• WORK INSTRUCTIONS
Omit the images, then print each record below exactly as it reads.

ENTRIES SHOWN Start Marker

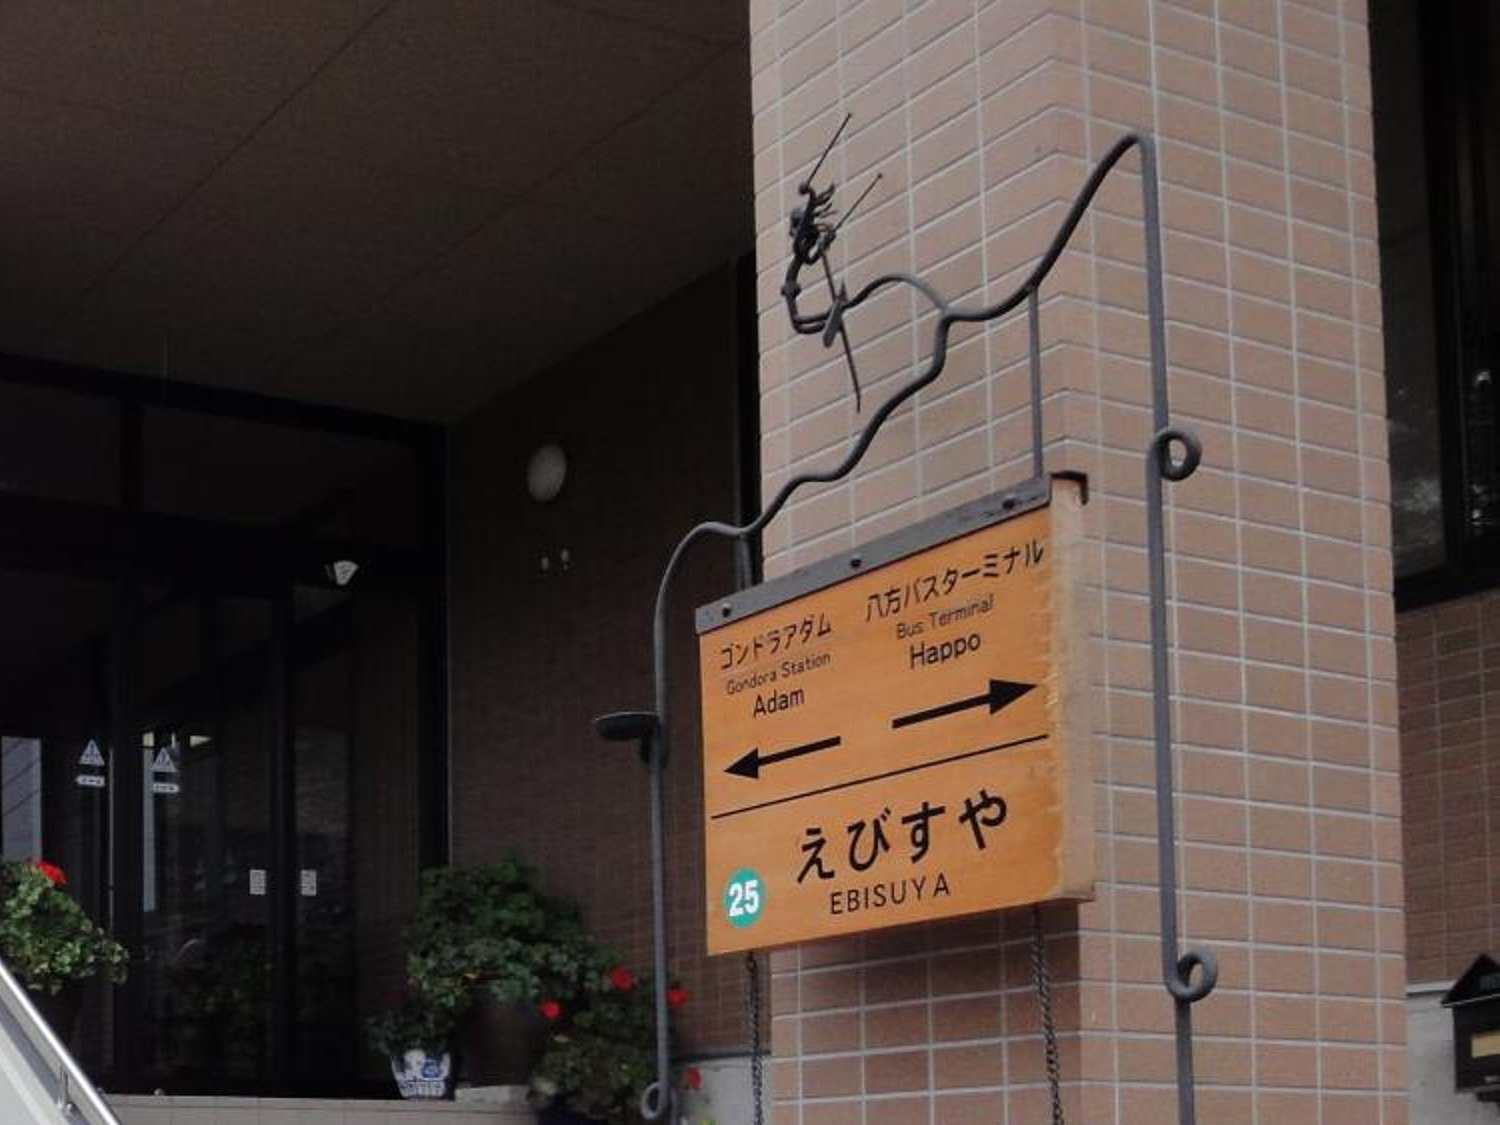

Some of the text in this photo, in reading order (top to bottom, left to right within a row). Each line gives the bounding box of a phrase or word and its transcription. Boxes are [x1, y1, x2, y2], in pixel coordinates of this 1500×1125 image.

[866, 539, 1045, 621] 八方バスターミナル
[896, 593, 995, 640] Bus Terminal
[721, 611, 832, 670] ゴンドラアダム
[909, 633, 981, 669] Happo
[726, 651, 831, 695] Gondora Station
[753, 688, 805, 719] Adam
[797, 789, 1007, 883] えびすや
[728, 880, 760, 918] 25
[831, 872, 950, 915] EBISUYA
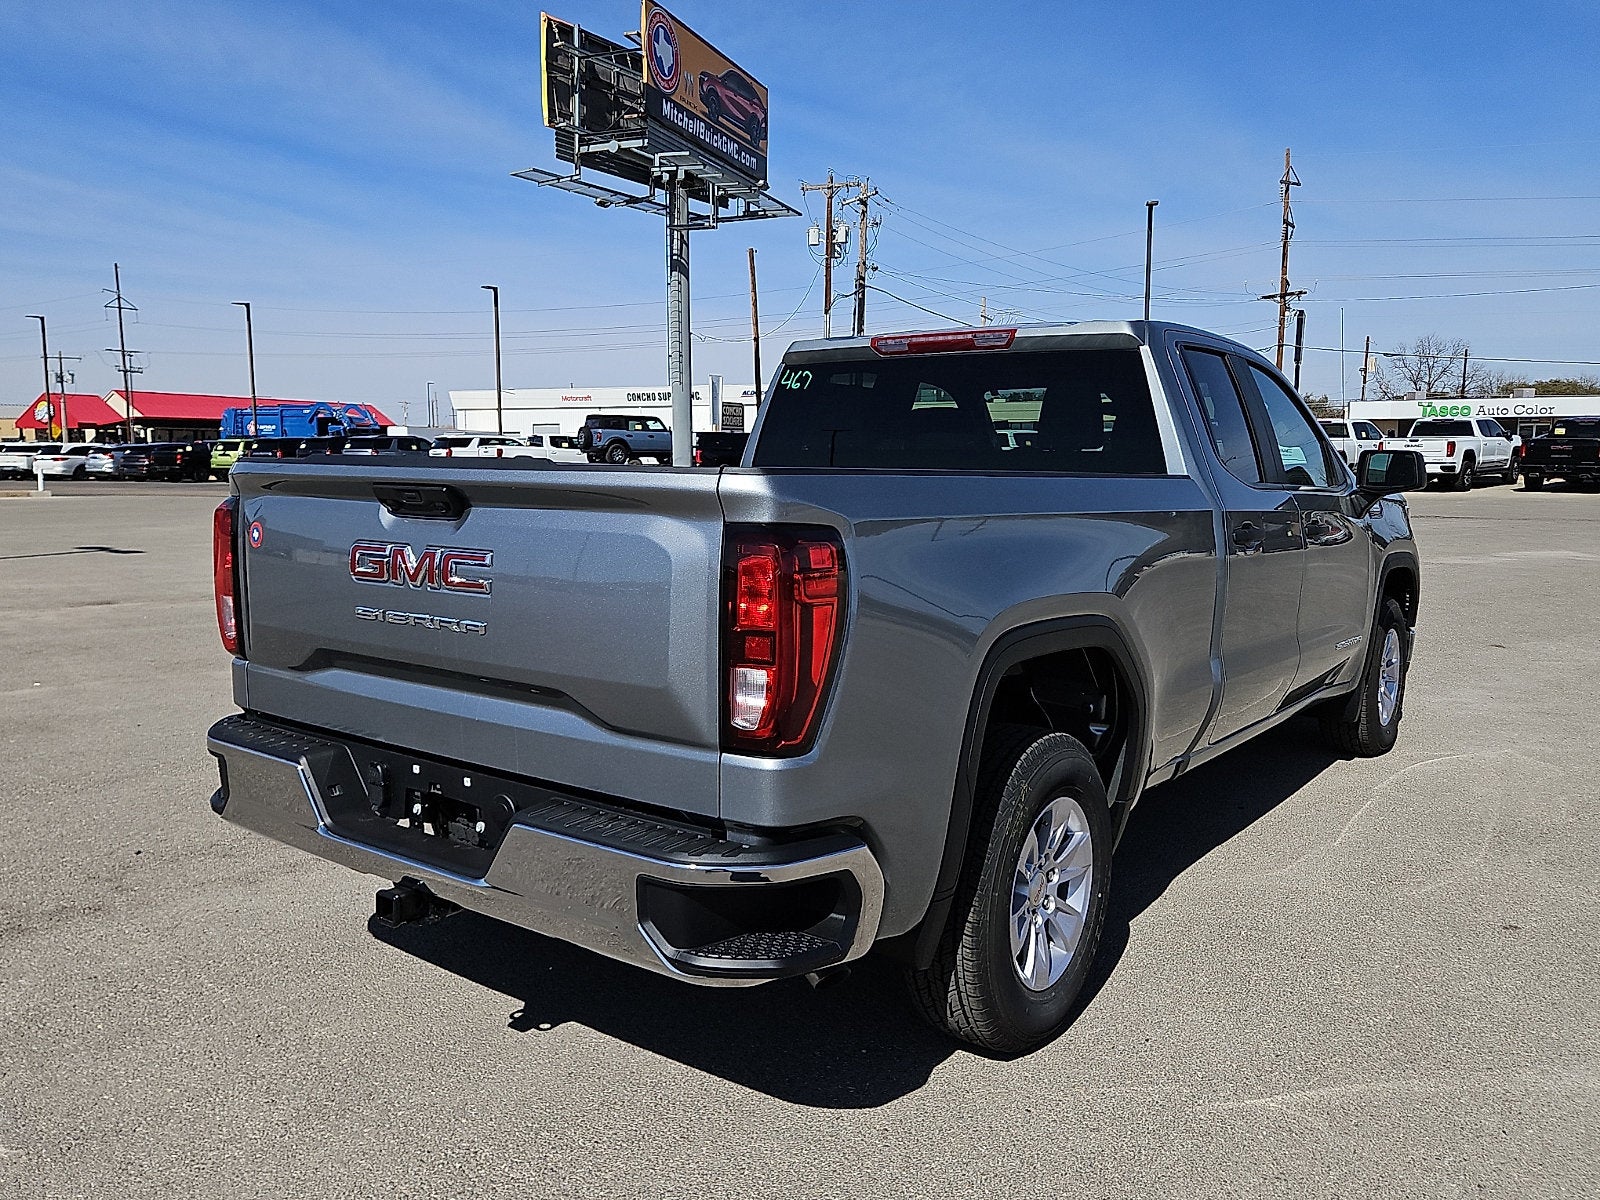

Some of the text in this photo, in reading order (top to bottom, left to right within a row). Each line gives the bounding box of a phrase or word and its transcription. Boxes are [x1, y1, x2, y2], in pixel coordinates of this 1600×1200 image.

[662, 99, 757, 170] MitchellBuickGMC.com
[781, 369, 812, 389] 467
[626, 392, 656, 402] CONCHO
[722, 406, 743, 416] CONCHO
[1418, 402, 1556, 417] TASCO Auto Color
[349, 539, 494, 598] GMC
[354, 605, 488, 636] SIERRA
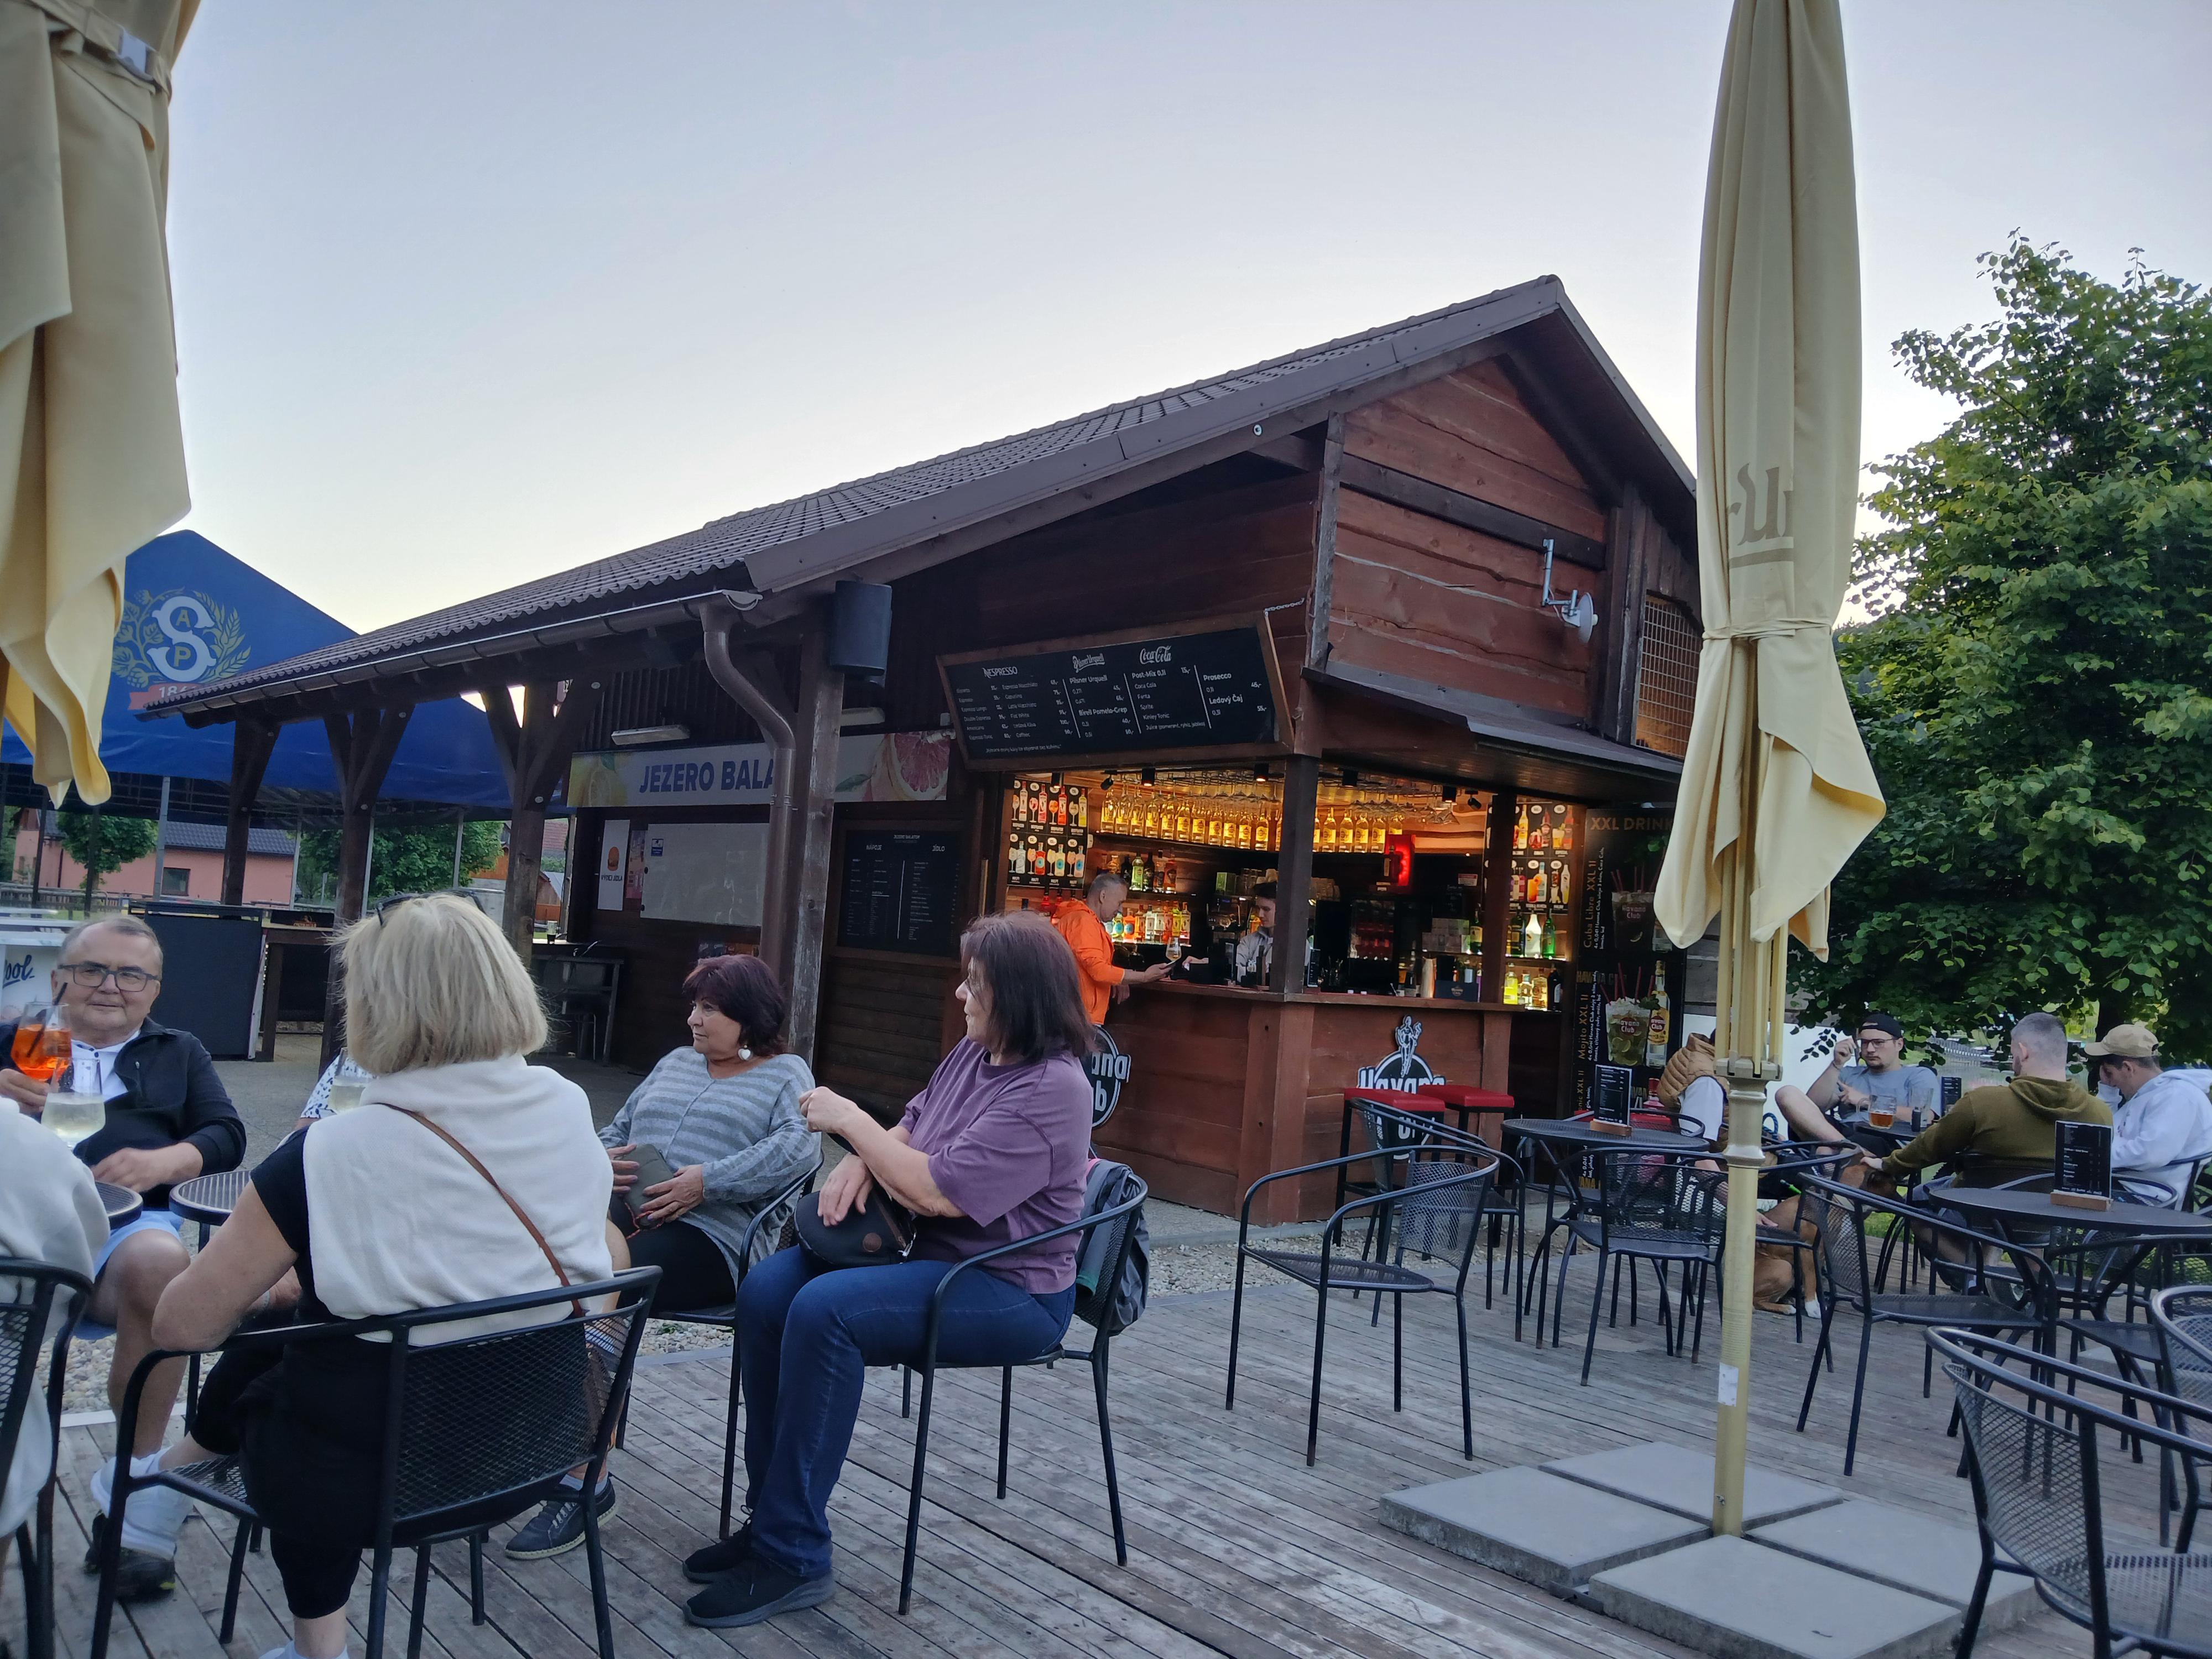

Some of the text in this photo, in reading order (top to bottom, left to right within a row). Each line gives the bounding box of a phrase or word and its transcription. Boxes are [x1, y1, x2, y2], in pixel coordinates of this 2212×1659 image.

[175, 609, 191, 628] A
[174, 645, 191, 667] P
[982, 666, 1018, 679] NESPRESSO
[1088, 675, 1108, 684] Urquell
[1132, 670, 1156, 679] Post-Mix
[1209, 693, 1243, 705] Ledový Čaj
[639, 758, 774, 793] JEZERO BALA
[1590, 817, 1673, 830] XXL DRINK
[1586, 870, 1596, 891] XXL
[1583, 924, 1593, 948] Cuba
[4, 954, 34, 981] ool
[1579, 1005, 1588, 1025] XXL
[1578, 1029, 1588, 1060] Mojito
[1092, 1053, 1128, 1079] ana
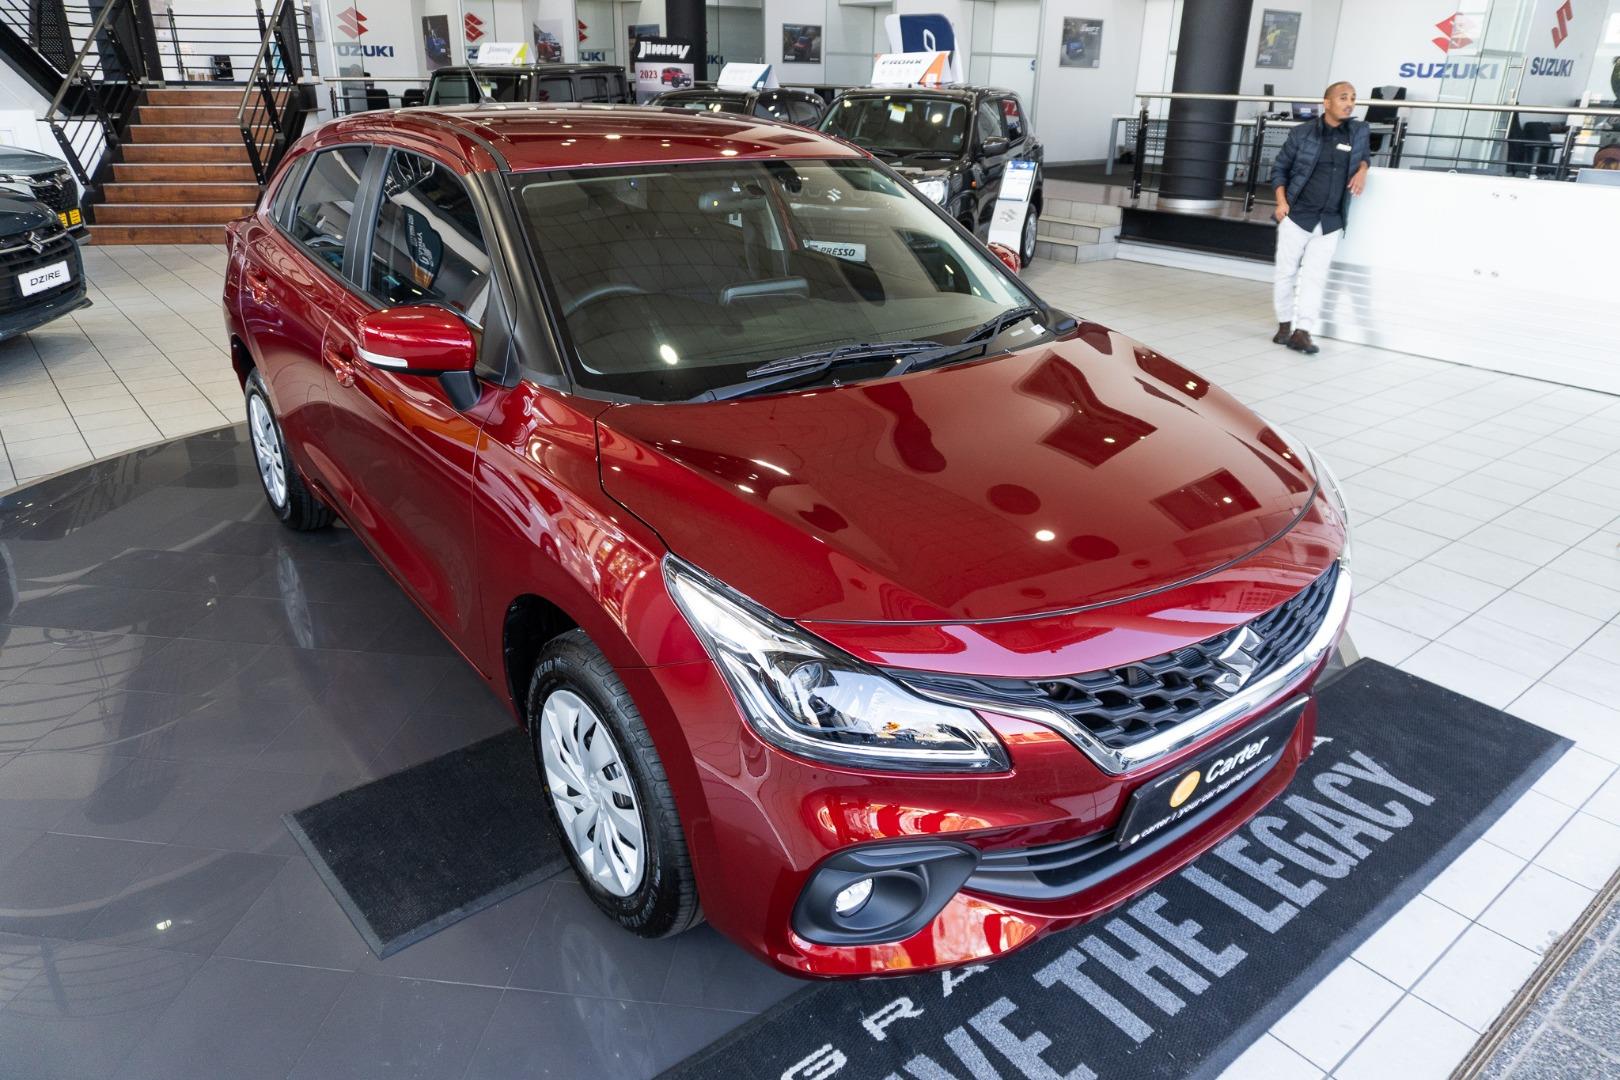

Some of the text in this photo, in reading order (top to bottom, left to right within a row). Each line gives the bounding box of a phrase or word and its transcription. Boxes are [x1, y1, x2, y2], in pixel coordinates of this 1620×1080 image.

ENTRIES SHOWN End Marker

• ANSWER SECTION
Some of the text in this photo, in reading order (top to bottom, left to right within a row). Each line gives the bounding box of a phrase or word and its transcription. Boxes are [x1, y1, x2, y2], in pixel coordinates of this 1500×1125 image.

[866, 539, 1045, 621] 八方バスターミナル
[896, 593, 995, 640] Bus Terminal
[721, 611, 832, 670] ゴンドラアダム
[909, 633, 981, 669] Happo
[726, 651, 831, 695] Gondora Station
[753, 688, 805, 719] Adam
[797, 789, 1007, 883] えびすや
[728, 880, 760, 918] 25
[831, 872, 950, 915] EBISUYA

Some of the text in this photo, in reading order (top to bottom, left to right within a row). Each line gives the bounding box of a phrase or word and its transcription. Boxes are [x1, y1, x2, y2], in pixel coordinates of this 1600×1200 image.

[662, 99, 757, 170] MitchellBuickGMC.com
[781, 369, 812, 389] 467
[626, 392, 656, 402] CONCHO
[722, 406, 743, 416] CONCHO
[1418, 402, 1556, 417] TASCO Auto Color
[349, 539, 494, 598] GMC
[354, 605, 488, 636] SIERRA

Some of the text in this photo, in reading order (top to bottom, left to right within a row). Each line gives the bounding box of a phrase or word and its transcription. Boxes are [x1, y1, x2, y2], in pixel coordinates of this 2212×1659 image.

[175, 609, 191, 628] A
[174, 645, 191, 667] P
[982, 666, 1018, 679] NESPRESSO
[1088, 675, 1108, 684] Urquell
[1132, 670, 1156, 679] Post-Mix
[1209, 693, 1243, 705] Ledový Čaj
[639, 758, 774, 793] JEZERO BALA
[1590, 817, 1673, 830] XXL DRINK
[1586, 870, 1596, 891] XXL
[1583, 924, 1593, 948] Cuba
[4, 954, 34, 981] ool
[1579, 1005, 1588, 1025] XXL
[1578, 1029, 1588, 1060] Mojito
[1092, 1053, 1128, 1079] ana

Some of the text in this photo, in reading order (top to bottom, left to right within a row). Each line gives the bounding box of a phrase or word and its transcription. Boxes are [x1, y1, x2, y2], in pixel coordinates of this 1620×1080 image.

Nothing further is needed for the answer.